During their ocean phase, coho salmon have silver sides and dark-blue backs. During their spawning phase, their jaws and teeth become hooked. After entering fresh water, they develop bright-red sides, bluish-green heads and backs, dark bellies and dark spots on their backs. Sexually maturing fish develop a light-pink or rose shading along the belly, and the males may show a slight arching of the back. Mature adults have a pronounced red skin color with darker backs and average 28 inches (71 cm) and 7 to 11 pounds (3.2 to 5.0 kg), occasionally reaching up to 36 pounds (16 kg). They also develop a large kype (hooked beak) during spawning.[2] Mature females may be darker than males, with both showing a pronounced hook on the nose.[3]

Cohomology is the other side of homology theory in mathematics. Poincare developed homology theory as a way of characterizing shapes (eg. spheres, donuts,…) in an invariant manner, independent of their peculiarities. One puts up a spanning structure that approximates the shape, usually of triangles, four-sided three dimensional figures, and so forth, and then applies an algorithm that at its end gives an account of how many holes in that shape, and in higher dimensions the equivalent punctures. And that number is invariant to how you put up the spanning structure.

Cohomology is the complementary account of shape, specifying how, say, continuous functions, might occupy the shape. Namely, homology gives an invariant account of a shape, cohomology gives an account of how something might live on that shape (say an ant crawling along on it). Cohomology also provides a deeper understanding of the advanced calculus, where one computes the gradient, divergence, and curl of functions going from scalars to vectors, from vectors to scalars, and from vectors to vectors, respectively. Cohomology also allows for an analysis of the structure of groups, such as the group of permutations, or the group of rotations. Here “shape” is to be understood in terms of how the group elements are connected to each other.

What’s crucial is that cohomology provides a way of understanding obstructions to simple addition, so that in the case of the fundamental theory of the calculus, we might expect that ∫atob f(x) dx = F(b)-F(a), dF/dx=f, but some of the time, say in two or more dimensions, as in the complex plane,
atob f(x) dx = F(b)-F(a) + h(a,b)
where h depends on the path from a to b, namely the Cauchy integral theorem where h measures the number of times you have gone around the origin. In effect, cohomology gives an account of combining stuff when the combination may not be so simple. Put differently, in combining objects their local characteristics may not be sufficiently to say how they combine with other such objects. That is, F(a) does not tell us enough about a, we need global or external information.

Homosexuality is sexual relationships between two persons of the same gender.  Much as in homology, it is a structural fact, part of standard kinship theory in anthropology. (Here sexual relationship is taken to be “marriage” in kinship theory, but clearly this is not really correct.) Cohomosexuality, in analogy to cohomology, is an account of how such relationships are instantiated in a society, how they occupy the structures of kinship in society.  In effect, it is a study of what might be called “gay life.” (Of course, there may be strictures on such relationships, so that the instantiations are hidden or enacted in peculiar ways. Namely, what might be called “obstructions.”)

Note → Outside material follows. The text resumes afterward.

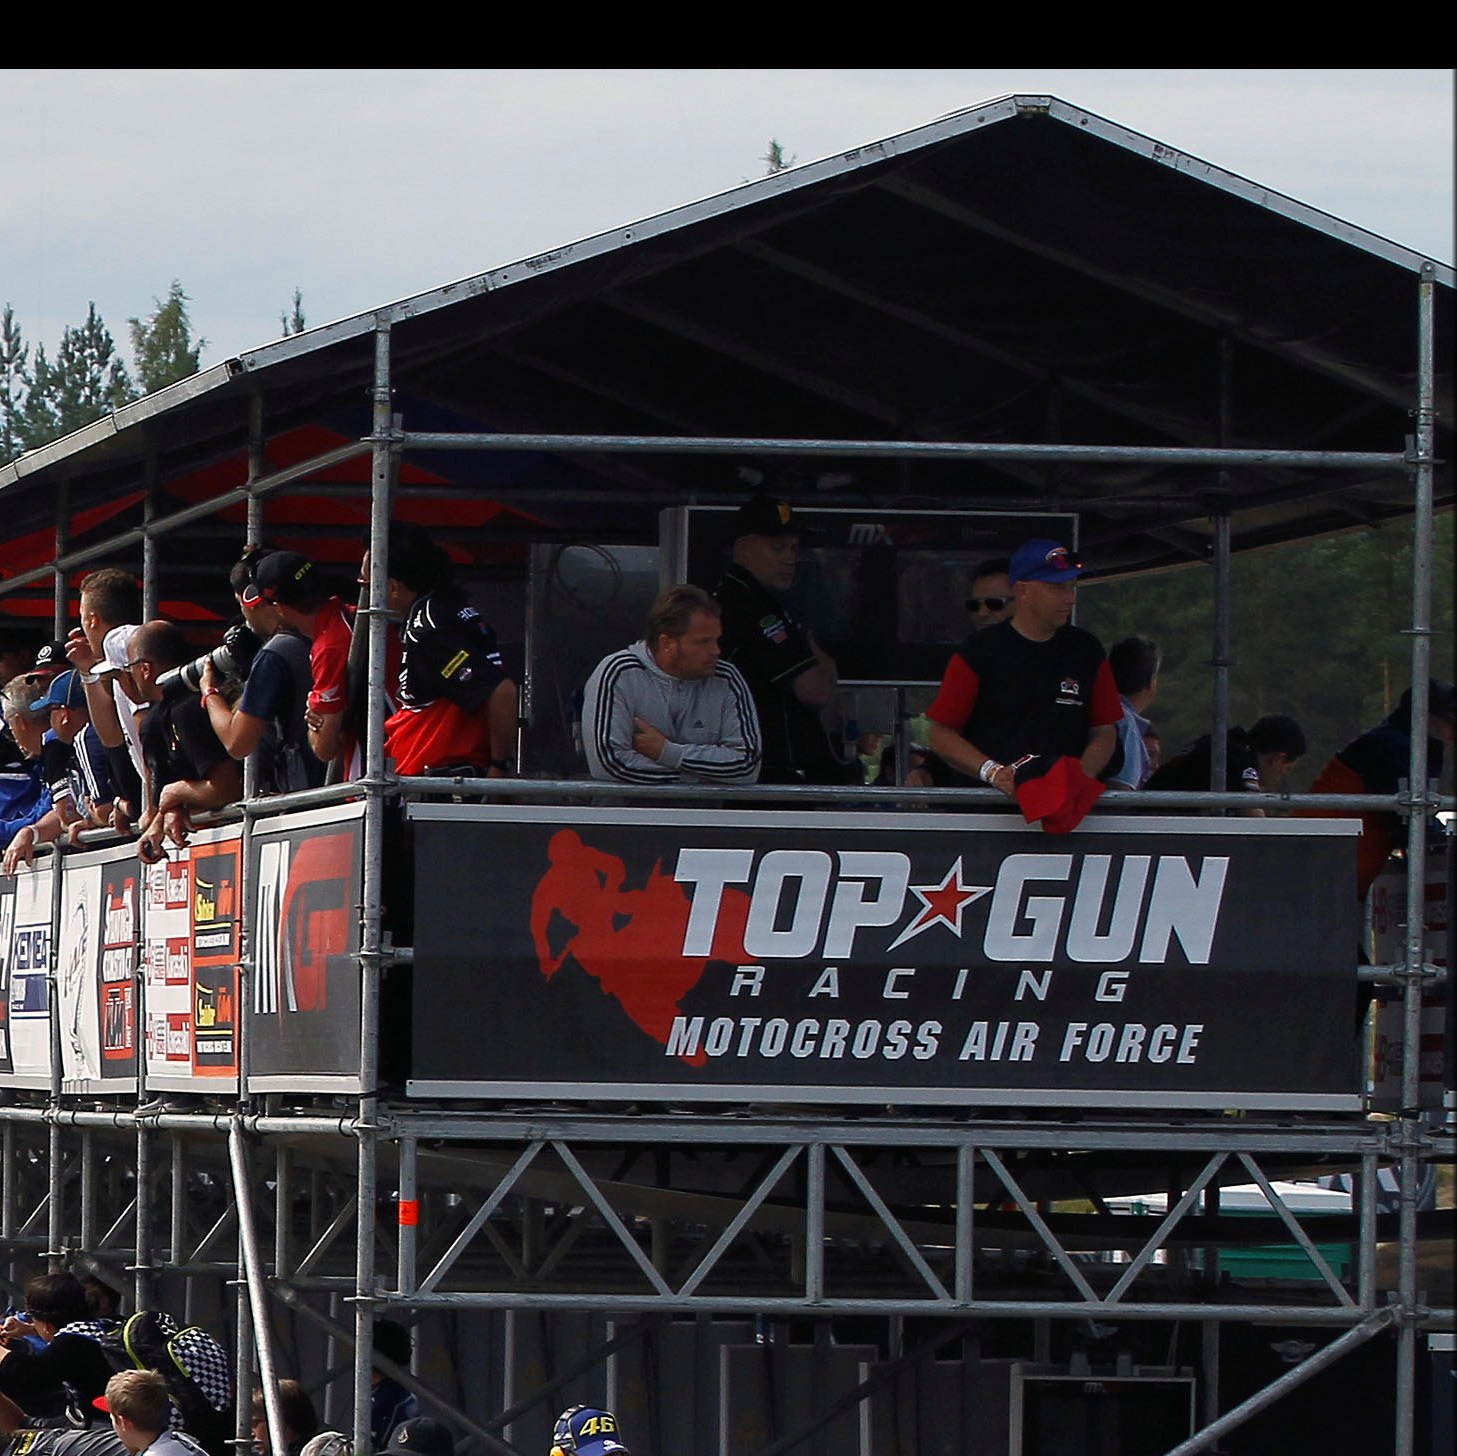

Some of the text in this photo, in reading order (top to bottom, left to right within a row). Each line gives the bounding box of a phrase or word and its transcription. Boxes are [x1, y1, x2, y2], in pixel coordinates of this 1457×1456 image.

[673, 848, 1231, 965] TOP GUN
[729, 964, 1131, 1003] RACING
[665, 1015, 1205, 1065] MOTOCROSS AIR FORCE
[579, 1416, 615, 1437] 46

Again, the problem is to develop methods of analyzing such ways of living and of discovering how obstructions affect the modes of being.  Hence, cohomosexuality must contribute to our understanding of the manifestations other sorts of sexual variety, for the obstructions are likely more pervasive than just concerning homosexuality. A society is to be known through the analogue of h(a,b), those obstructions or prejudices or legal penalties that make a’s or b’s characteristics insufficient to know how they combine.

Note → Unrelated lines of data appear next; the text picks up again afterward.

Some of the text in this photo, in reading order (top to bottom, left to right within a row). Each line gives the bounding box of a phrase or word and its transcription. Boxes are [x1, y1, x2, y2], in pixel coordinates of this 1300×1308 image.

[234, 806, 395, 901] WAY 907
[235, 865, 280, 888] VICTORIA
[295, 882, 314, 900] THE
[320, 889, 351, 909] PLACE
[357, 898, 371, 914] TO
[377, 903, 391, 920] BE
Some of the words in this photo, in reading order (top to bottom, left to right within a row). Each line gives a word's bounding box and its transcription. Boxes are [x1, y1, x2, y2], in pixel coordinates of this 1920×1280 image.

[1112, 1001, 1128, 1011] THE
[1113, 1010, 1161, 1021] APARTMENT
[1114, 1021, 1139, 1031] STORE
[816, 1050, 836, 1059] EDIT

In effect, cohomology is an account of how the world is not so modular, not just a set of LEGO blocks that might be put together willy-nilly. There are larger structural constraints. Similarly, we discover that some interactions of elementary particles are readily allowed, but others are to varying degrees forbidden. Kinship rules, global rules, give the degree of allowed-ness or forbidden-ness. Put differently, in quantum mechanics and quantum field theory, particles interact through the exchange of other particles, particles with “unreal” masses, virtual particles. Electrons repulse each other through the exchange of (virtual) photons. But some interactions are not allowed by the exchange of a particle. Still, there might be indirect paths with intermediate states, through which there might be an interaction, say of an electron and a neutral kaon. (Chemists are experts on these processes, seeking catalysts and appropriate intermediate environments.) Those indirect paths (higher orders in perturbation theory) are surpressed by the ordernth-power and by the inverse-masses of the exchanged virtual particles.

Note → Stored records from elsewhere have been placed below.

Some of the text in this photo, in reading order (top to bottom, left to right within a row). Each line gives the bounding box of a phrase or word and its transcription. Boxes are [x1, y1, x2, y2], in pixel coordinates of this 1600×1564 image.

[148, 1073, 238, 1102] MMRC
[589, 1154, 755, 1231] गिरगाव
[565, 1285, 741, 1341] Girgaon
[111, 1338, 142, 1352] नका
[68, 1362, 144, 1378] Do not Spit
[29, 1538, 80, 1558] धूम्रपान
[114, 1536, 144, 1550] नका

Finally, there are the coho salmon. They change colors as they mature; they reproduce employing several different sites. As in cohomology or cohomosexuality, what we are seeing is one of the ways something might occupy a space (here, riverine and oceanic). The relevant “obstruction” is that at any one time and place, they are not locally characterized. Only in having a global picture are they to be understood. Here ontogeny does not recapulate phylogeny, and in effect what we call an obstruction is the source of that fact.